Sie sind hier

Abo

Coronavirus

Testen, impfen, schimpfen

Sie führen Stäbchen in fremde Nasen und stechen Nadeln in Oberarme. Während die Handgriffe zur Routine geworden sind, wird der Umgang mit den Klientinnen immer schwieriger.

Pranavan Thambipillai testet und impft seit Monaten im Walk-In-Lyss. Bild: Matthias Käser

Mengia Spahr und Hannah Frei

Mit geübten Bewegungen lenkt Pranavan Thambipillai das lange Stäbchen der Nasenwand seines Kollegen entlang, der als Modell für das Foto hinhält.
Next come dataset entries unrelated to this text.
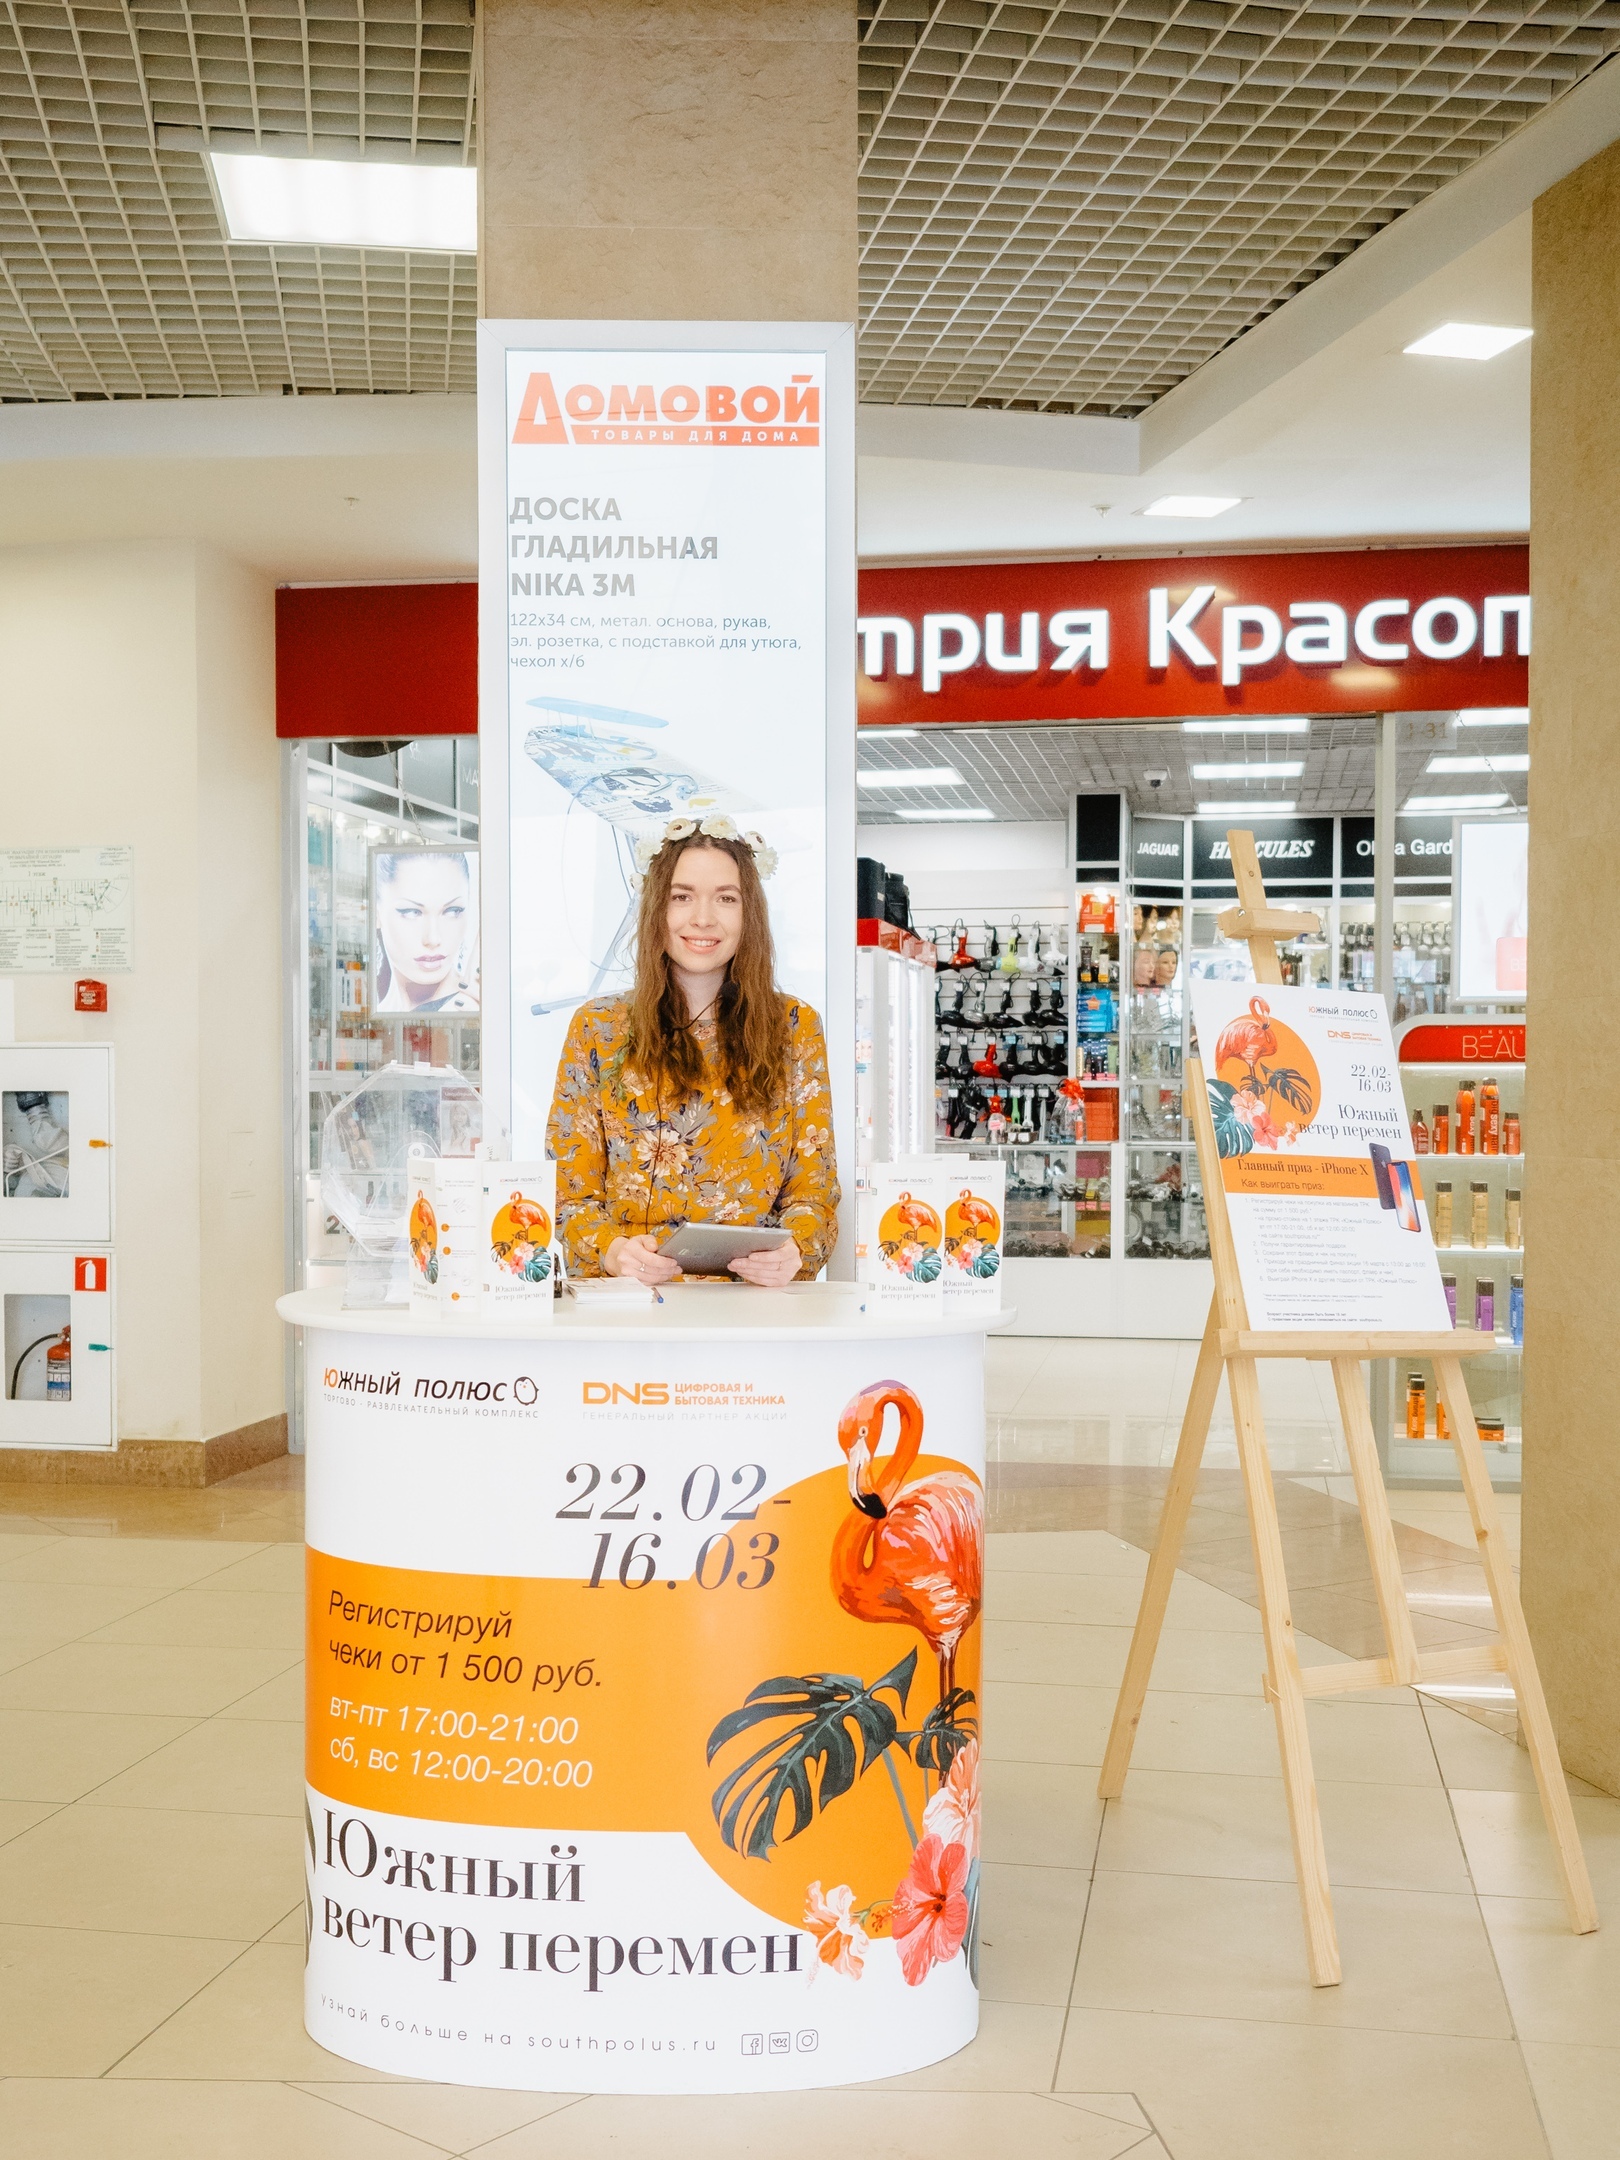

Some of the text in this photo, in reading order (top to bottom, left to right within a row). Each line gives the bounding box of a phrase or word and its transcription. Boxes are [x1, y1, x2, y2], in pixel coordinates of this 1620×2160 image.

[591, 429, 798, 443] ТОВАРЫ ДЛЯ ДОМА
[509, 497, 622, 524] ДОСКА
[510, 535, 718, 562] ГЛАДИЛЬНАЯ
[511, 573, 635, 596] NIKA 3M
[570, 616, 596, 629] см,
[600, 616, 650, 628] метал.
[656, 617, 718, 629] основа,
[722, 617, 771, 630] рукав,
[510, 635, 801, 651] эл. розетка, с подставкой для утюга,
[510, 655, 556, 668] чехол
[1137, 842, 1180, 857] JAGUAR
[1209, 839, 1316, 860] HCULES
[1308, 1006, 1369, 1018] ЮЖНЫЙ ПОЛЮС
[1327, 1030, 1351, 1040] DNS
[1351, 1064, 1391, 1078] 22.02-
[1359, 1079, 1391, 1093] 16.03
[1338, 1104, 1398, 1122] Южный
[1299, 1123, 1339, 1140] ветер
[1342, 1125, 1402, 1141] перемен
[1237, 1158, 1285, 1172] Главный
[1287, 1164, 1312, 1176] приз
[1322, 1162, 1357, 1176] iPhone
[1359, 1164, 1369, 1176] X
[1241, 1179, 1325, 1192] Как выиграть приз:
[324, 1367, 508, 1402] ЮЖНЫЙ ПОЛЮС
[582, 1382, 670, 1405] DNS
[674, 1383, 753, 1394] ЦИФРОВАЯ И
[324, 1393, 539, 1419] ТОРГОВО РАЗВЛЕКАТЕЛЬНЫЙ КОМПЛЕКС
[674, 1395, 785, 1405] БЫТОВАЯ ТЕХНИКА
[582, 1411, 788, 1422] ГЕНЕРАЛЬНЫЙ ПАРТНЕР АКЦИИ
[555, 1462, 791, 1522] 22.02-
[582, 1532, 780, 1590] 16.03
[329, 1590, 512, 1644] Регистрируй
[329, 1639, 601, 1693] чеки от 1 500 руб.
[330, 1696, 579, 1744] вт-пт 17:00-21:00
[330, 1736, 594, 1788] сб, вс 12:00-20:00
[323, 1808, 586, 1902] Южный
[322, 1895, 803, 1993] ветер перемен
[321, 1993, 716, 2053] узнай больше на southpolus.ru
Thambipillai hat diese Handgriffe in den vergangenen Monaten unzählige Male ausgeführt. Als man in der Schweiz zu testen begann, wurde der 27-jährige Medizinstudent vom Militär aufgeboten. Und seit das Walk-in Lyss ein Coronatestzentrum eröffnet hat, ist er dort regelmässig im Einsatz.

Auch Lilian Glenzer gehört zum Testpersonal in Lyss. Die 23-Jährige war während der dritten Coronawelle im März gerade auf Jobsuche und fand Arbeit im Testzentrum. Wie Thambipillai studiert sie Humanmedizin an der Universität Bern. Gemäss der Geschäftsführerin des Walk-in Lyss, Antonia Käser, arbeiten im Testzentrum und in der Impfpraxis etwas mehr als 50 Medizinstudierende, Medizinische Praxisassistenten und Pflegefachkräfte sowie zehn Personen für die Administration.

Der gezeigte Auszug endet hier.